O fabulous day! Callow! Chalet!”
He chortled in his joy.

‘Twas brisling, and the stilly toes
Did gyre and gamble in the wade;
All missy were the borogoves,
And the mom rates outreach.

Next, the version that Robert McNally wrote on his Newton comJabberwocky17.inddputer. The Newton helpfully deciphered it as follows.
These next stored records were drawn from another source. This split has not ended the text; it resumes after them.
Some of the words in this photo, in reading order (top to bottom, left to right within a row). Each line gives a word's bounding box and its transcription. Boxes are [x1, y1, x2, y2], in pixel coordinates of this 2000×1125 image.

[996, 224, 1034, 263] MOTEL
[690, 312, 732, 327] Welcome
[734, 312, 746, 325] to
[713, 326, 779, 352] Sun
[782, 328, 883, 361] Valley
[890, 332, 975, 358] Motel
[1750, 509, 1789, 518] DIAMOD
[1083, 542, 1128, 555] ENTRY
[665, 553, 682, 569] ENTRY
Jabberwocky a la Newton: [with totally unrelated illustration from the defunct Jabberwocky Magazine]

TABLESPOONS

Teas Willis, and the sticky tours
Did gym and Gibbs in the wake.
All mimes were the borrowers,
And the moderate Belgrade.

“Beware the tablespoon my son,
The teeth that bite, the Claus that catch.
Beware the Subjects bird, and shred
The serious Bandwidth!”

He took his Verbal sword in hand:
Long time the monitors fog he sought,
So rested he by the Tumbled tree,
And stood a while in thought.

And as in selfish thought he stood,
The tablespoon, with eyes of Flame,
Came stifling through the trigger wood,
And troubled as it came!

One, two! One, two! And through and though,
The Verbal blade went thicker shade.
He left it dead, and with its head,
He went gambling back.

“And host Thai slash the tablespoon?
Come to my arms my bearish boy.
Oh various day! Cartoon! Cathay!”
He charted in his joy.

Teas Willis, and the sticky tours
Did gym and Gibbs in the wake.
All mimes were the borrowers,
And the moderate Belgrade.

Lewis Carroll’s JABBERWOCKY as “recognized” by the Apple Newton, (c) 1993 Robert McNally. Permission is granted to reproduce this if the copyright remains intact.
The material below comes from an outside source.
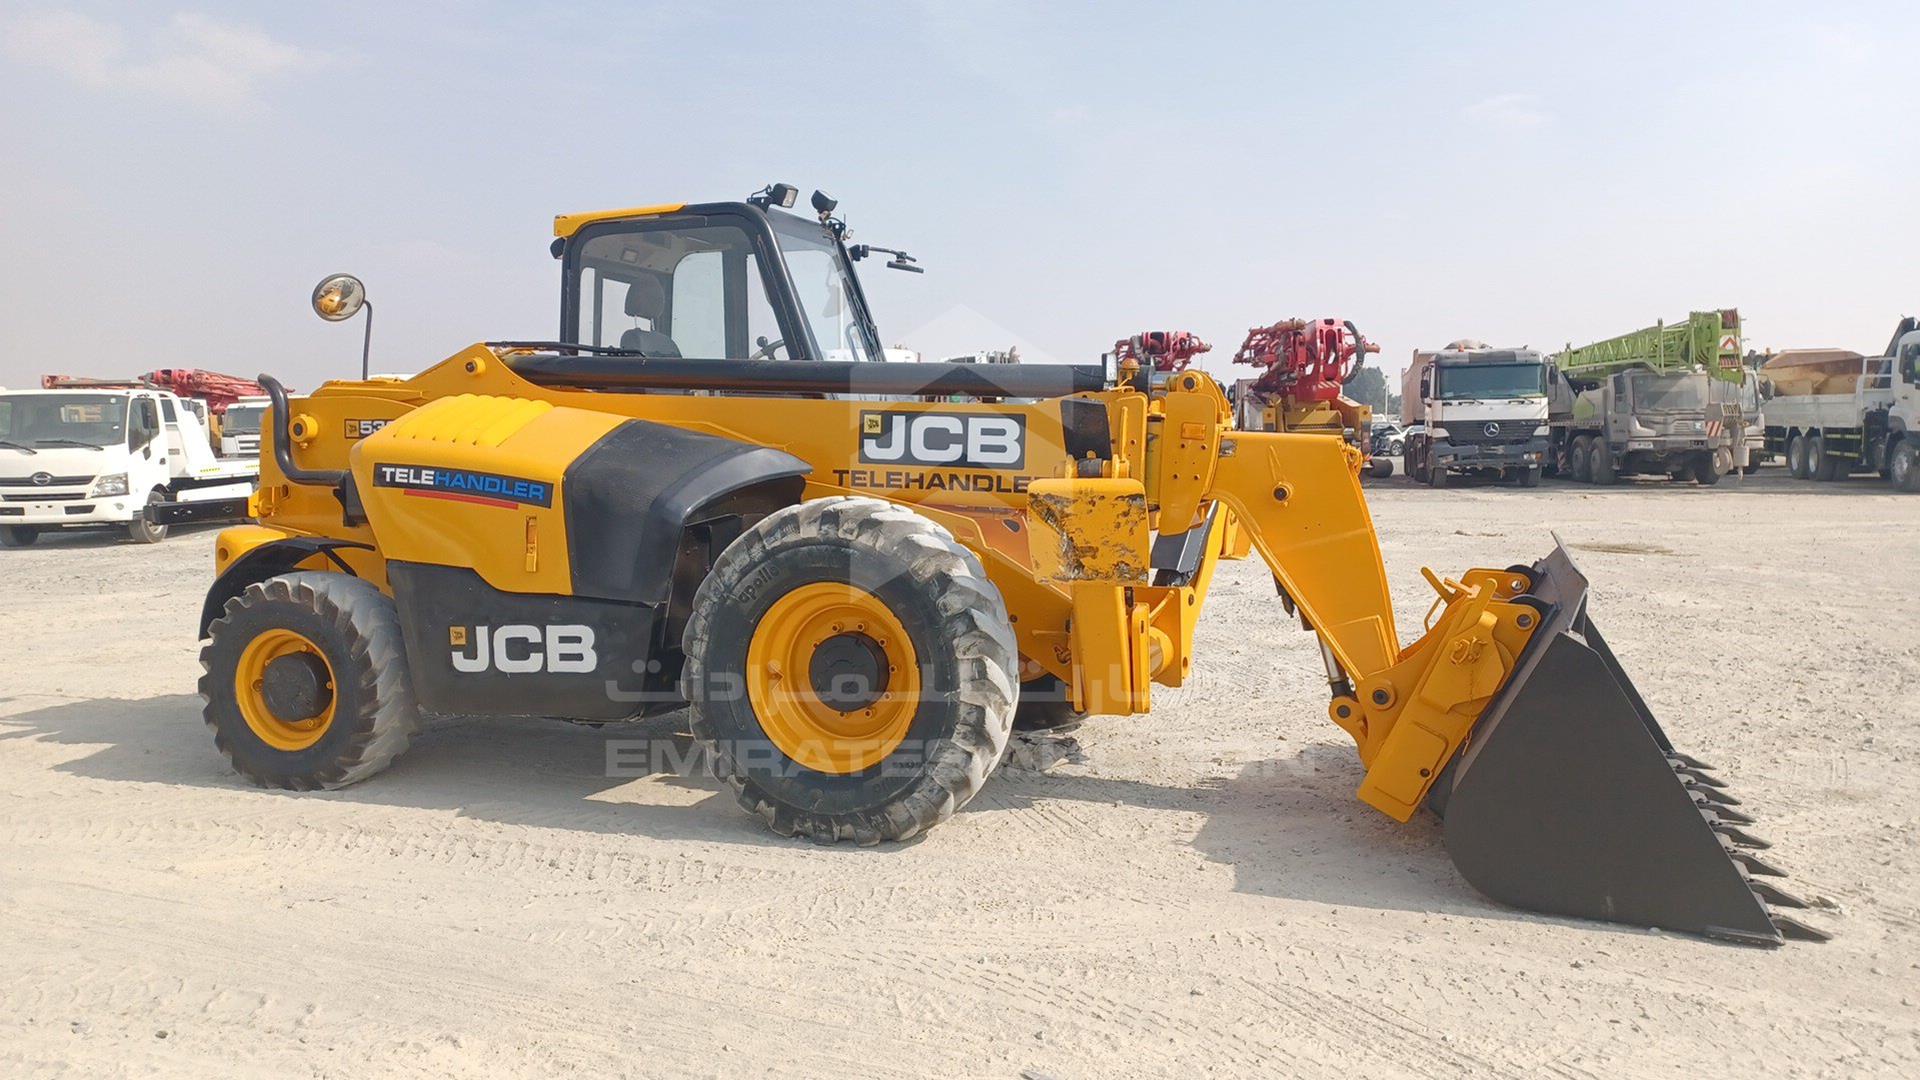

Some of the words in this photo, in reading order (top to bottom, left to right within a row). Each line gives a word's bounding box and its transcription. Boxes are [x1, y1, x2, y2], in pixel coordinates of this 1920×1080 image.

Finally, our own spell-checker’s second attempt, which seems to me to have the most culinary and homey perspective. (This fellow’s cartoon seems to catch that mood even from the original.)
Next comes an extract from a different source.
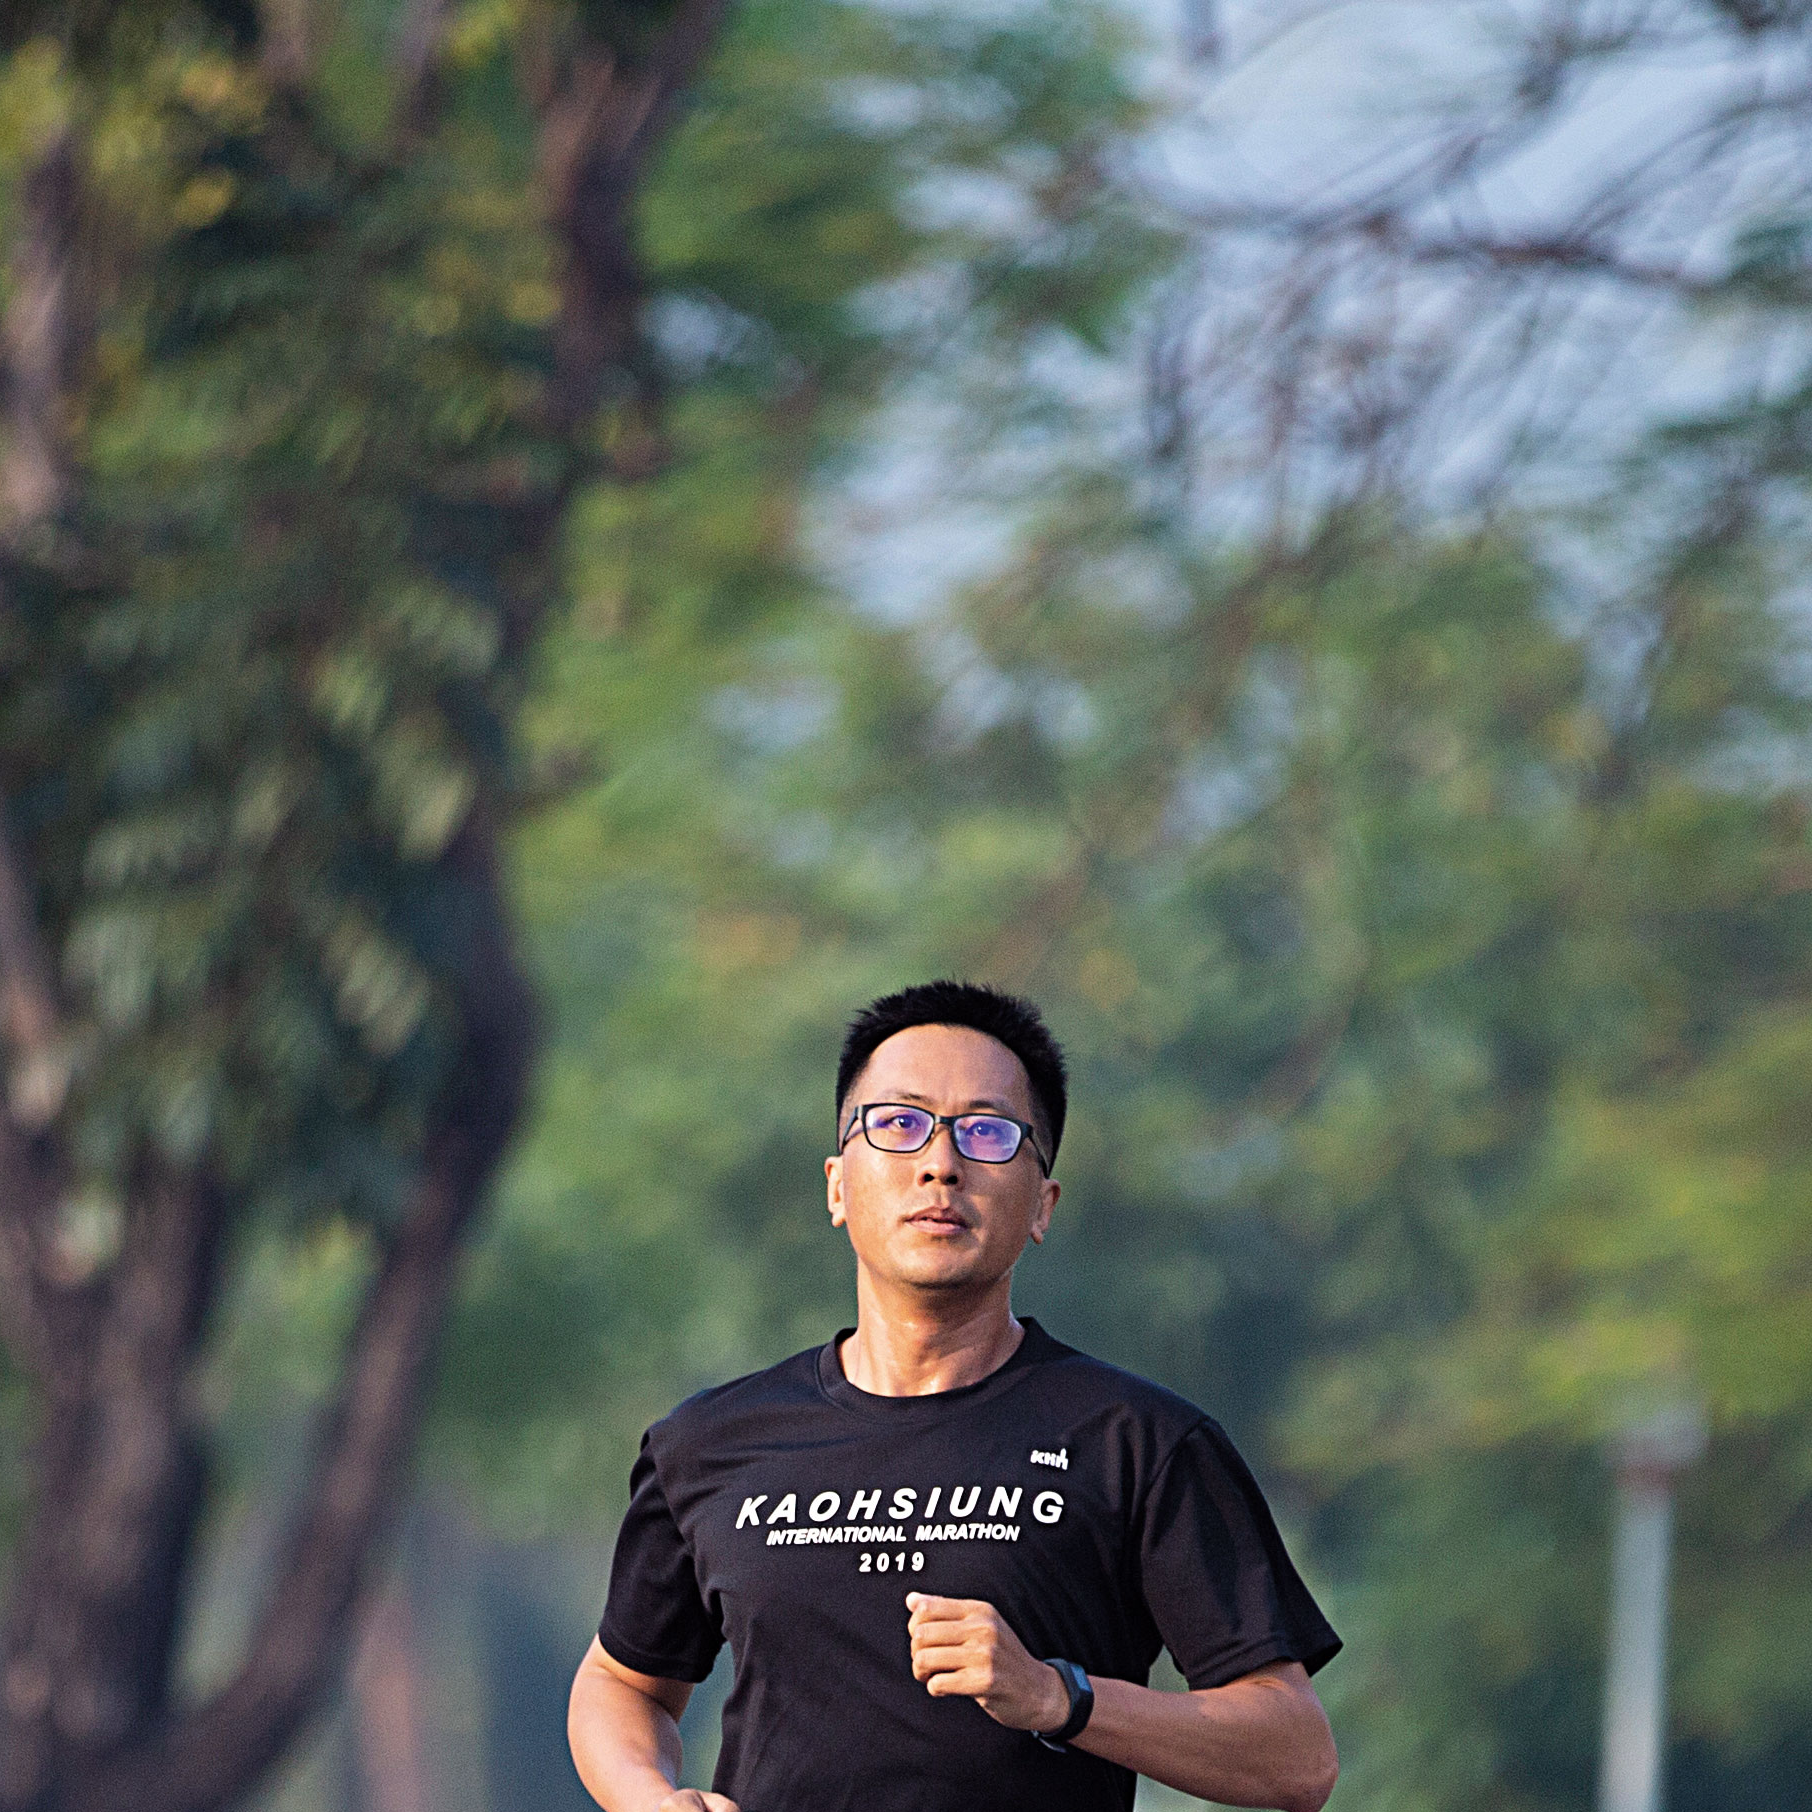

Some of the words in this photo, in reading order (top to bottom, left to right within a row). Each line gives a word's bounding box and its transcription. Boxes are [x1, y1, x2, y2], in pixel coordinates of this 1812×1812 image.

Jabberwocky by Spell Checker No. 2

Twos broiling, and the slaty stoves
Did gyre and gimbal in the be;
All mimes were the Porridges,
And the mom rats outrace.

“Beware the Jabberwocky, my son!
The jaws that bite, the claws that catch!
Beware the Jujube bird, and shun
The frumpish Bandersnatch!”

He took his formula sword in hand:
Long time the manhole foe he sought,–
So rested he by the Dumdum tree,
And stood awhile in thought.

And as in offish thought he stood,
The Jabberwocky, with eyes of flame,
Came wheeling through the tulle wood,
And burbled as it came!

One, two! One, two! And through and through
The formula blade went snicker-snack!
He left it dead, and with his head
He went galumphing back.

“And haft thou slain the Jabberwocky?
Come to my arms, my bearish boy!
O fractious day! Calla! !”
He chortled in his joy.

Twos broiling, and the slaty stoves
Did gyre and gimbal in the be;
All mimes were the porridges,
And the mom rats outrace.

Now tell me, was this a common recreation for a time back in the 90’s? Perhaps children are still having this kind of fun with their technology, but mine barely remember the project. They definitely moved on, but I’m glad I have the mementos of happy and occasionally silly days.

8 thoughts on “Bearish boy slays Tablespoon.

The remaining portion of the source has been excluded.